A 32-year-old female with a 32-week gestational pregnancy (gravida 4, para 1) presented to an outside facility with shortness of breath and acute chest pain, radiating to the back and abdomen. Her prenatal course was complicated by gestational hypertension, for which she was not taking antihypertensive medications. There was no personal or family history of connective tissue disorders. A computed tomography angiogram of the chest, abdomen, and pelvis revealed a Type A dissection extending from the aortic valve plane to the bilateral external iliac arteries ([Fig. 1]). The aorta was dilated to 48 mm above the valve plane. Although the dissection flap extended into the origins of the innominate, left common carotid, and left subclavian arteries, there was no progression beyond the origins. The celiac, mesenteric, and renal arteries were patent, without evidence of malperfusion. After receiving a single dose of betamethasone the patient was transferred to our facility for definitive therapy. En route, esmolol infusion was initiated to maintain a systolic blood pressures below 120 mm Hg. Care was taken, however, to prevent hypotension that could compromise fetal perfusion. Fetal heart rate monitoring was used to assess the well-being of the fetus. Upon arrival to our facility, the patient was emergently taken to the operating room, with cardiac and obstetric anesthesiology, cardiothoracic surgery, high-risk obstetrics, and neonatology teams present.

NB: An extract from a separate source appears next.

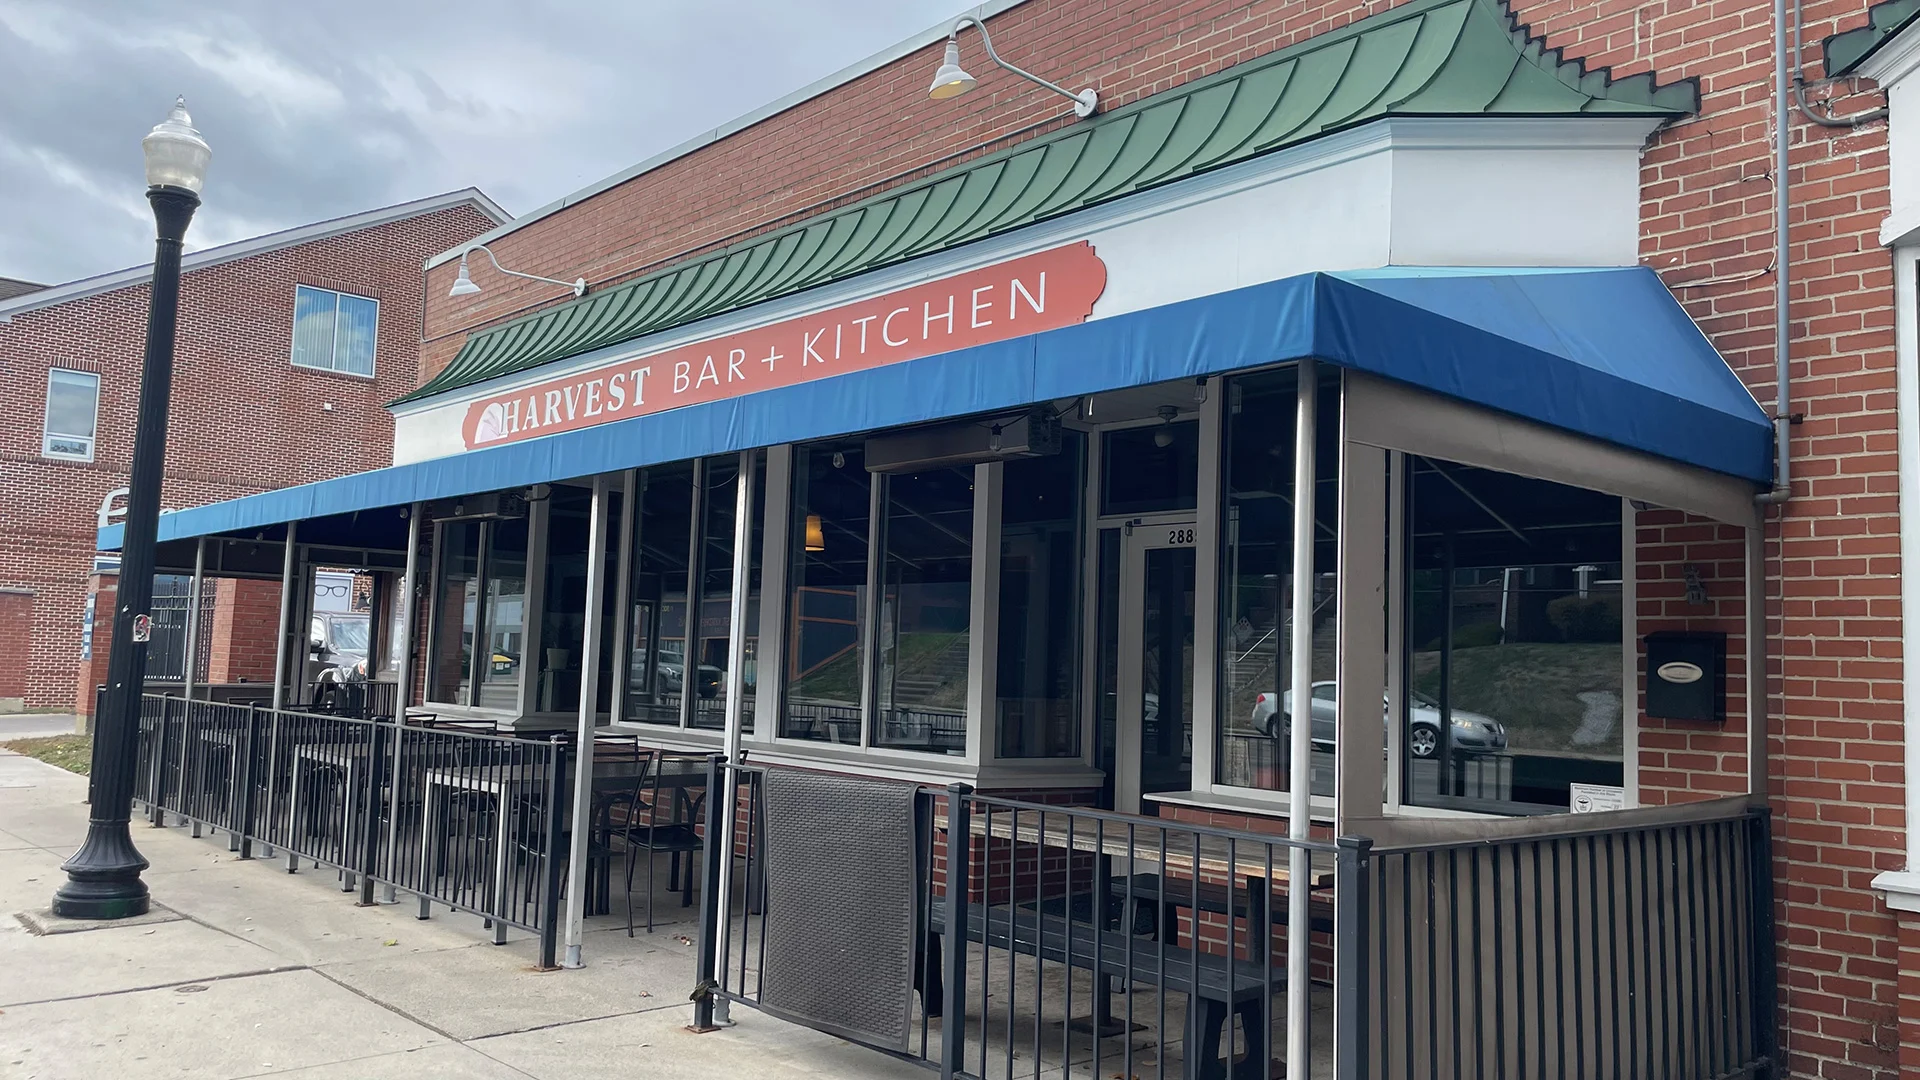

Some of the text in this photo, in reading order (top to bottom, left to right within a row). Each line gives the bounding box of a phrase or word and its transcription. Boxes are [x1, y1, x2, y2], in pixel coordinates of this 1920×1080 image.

In the operating room the patient and fetus were immediately assessed by a joint, interdisciplinary cardiac–obstetric anesthesia team. Left uterine displacement was ensured, and the abdomen was prepped and draped for an emergent cesarean section prior to induction of general anesthesia. A rapid sequence induction using propofol, fentanyl, and succinylcholine was performed. General anesthesia was maintained with sevoflurane (0.7–1.0%) and bolus infusions of fentanyl. An 8-French quadruple lumen and a 9.5-French sheath introducer were placed in the right internal jugular vein.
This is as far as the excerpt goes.